Дельцы вышли из схватки почти не поврежденными, а вот тело Кривого отстоять не удалось. Тварь хоть и лишилась усилиями Семигора многих щупалец, добычу свою все же утянуть сумела и оставшимися. Рыжий вздрогнул, припомнив жутковатое зрелище, когда уцелевшие щупальца утаскивали в яму свои же отрубленные конечности, явно на прокорм таившейся там зверюге.

– Не надо было спасать меня! – вдруг запальчиво всхлипнул Божесвят, забившись под Белятиной подмышкой. – Пусть бы нас обоих сожрали. Куда Кривой, туда б и я пошел…

– Ну-ну, дядя, малахольный ты наш! – успокаивал его здоровяк, как умел, – Это только сейчас так думается, а вот мы наружу выберемся, ночку отоспимся, на солнышко утреннее помолимся, и скажем: «Слава Богам, до чего жить хорошо!»

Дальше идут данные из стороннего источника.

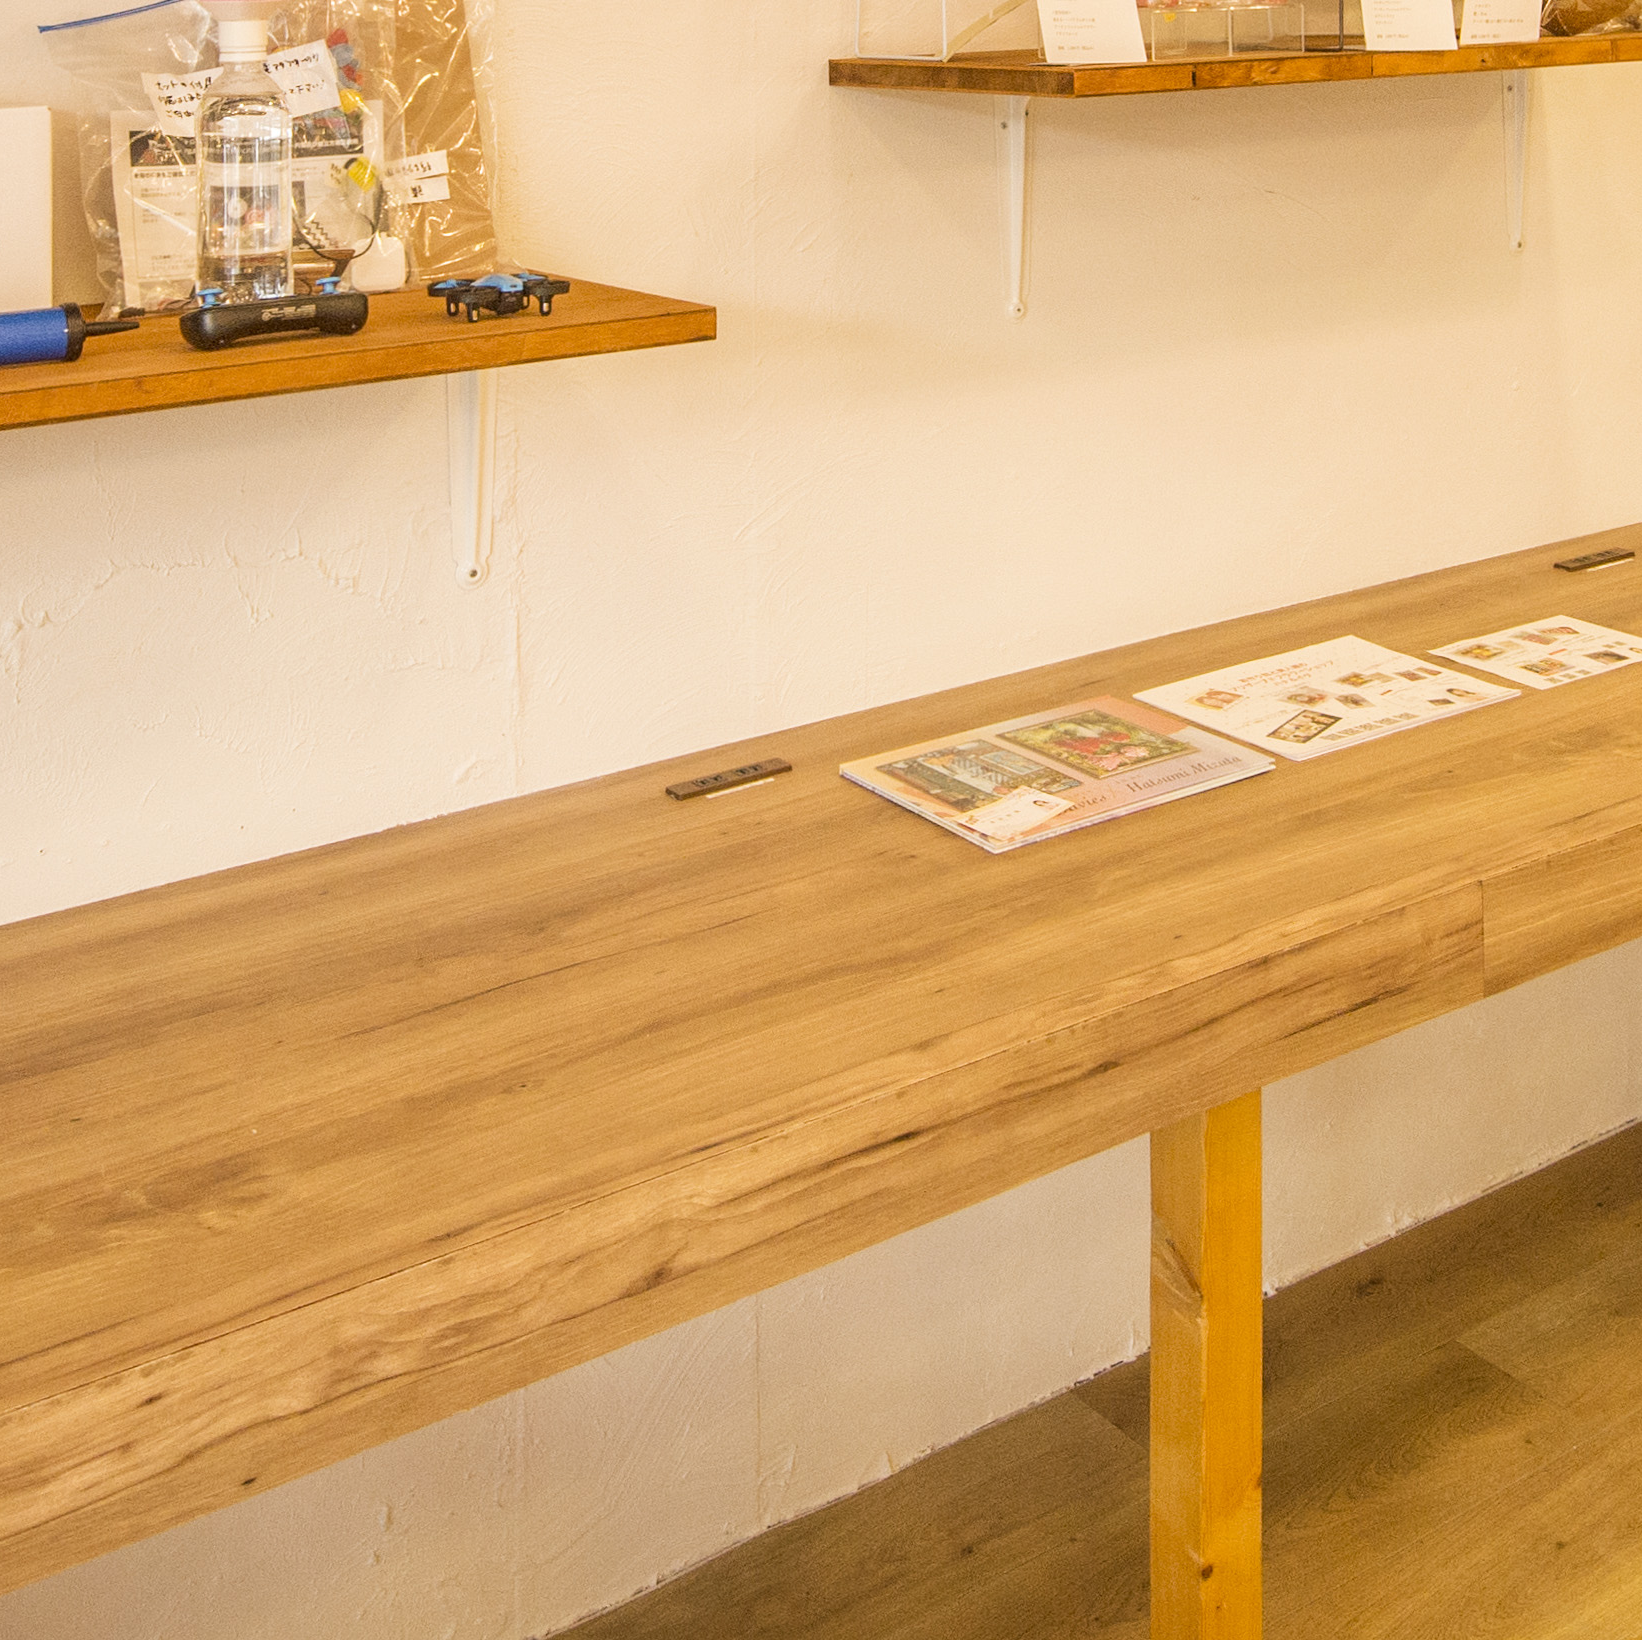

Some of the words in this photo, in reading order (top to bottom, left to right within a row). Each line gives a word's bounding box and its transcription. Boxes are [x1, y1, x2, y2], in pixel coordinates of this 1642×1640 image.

[1064, 793, 1107, 813] avies
[1126, 767, 1189, 793] Hatsumi
[1192, 754, 1243, 776] Mizuta

Дотащив оба тела, одно тяжеленное и не сопротивляющееся, а другое щупленькое и отчаянно брыкающееся, Белята силком запихнул их в изрядно сузившееся окно. Проем хоть и уменьшился, но зато по краям стал податливый, словно подсыхающее тесто, это, наверное, и позволило пролезть в него весьма крупных размеров Беляте. По ту сторону его подхватили крепкие лапы Докуки. Вот ведь черт возьми, какой воздух-то, оказывается, может быть благодатный! Да…

– Этого тоже глушить? – спросил чей-то голос.

– Да не. – Отозвался Докука, хватая Беляту подмышки, – Это наш!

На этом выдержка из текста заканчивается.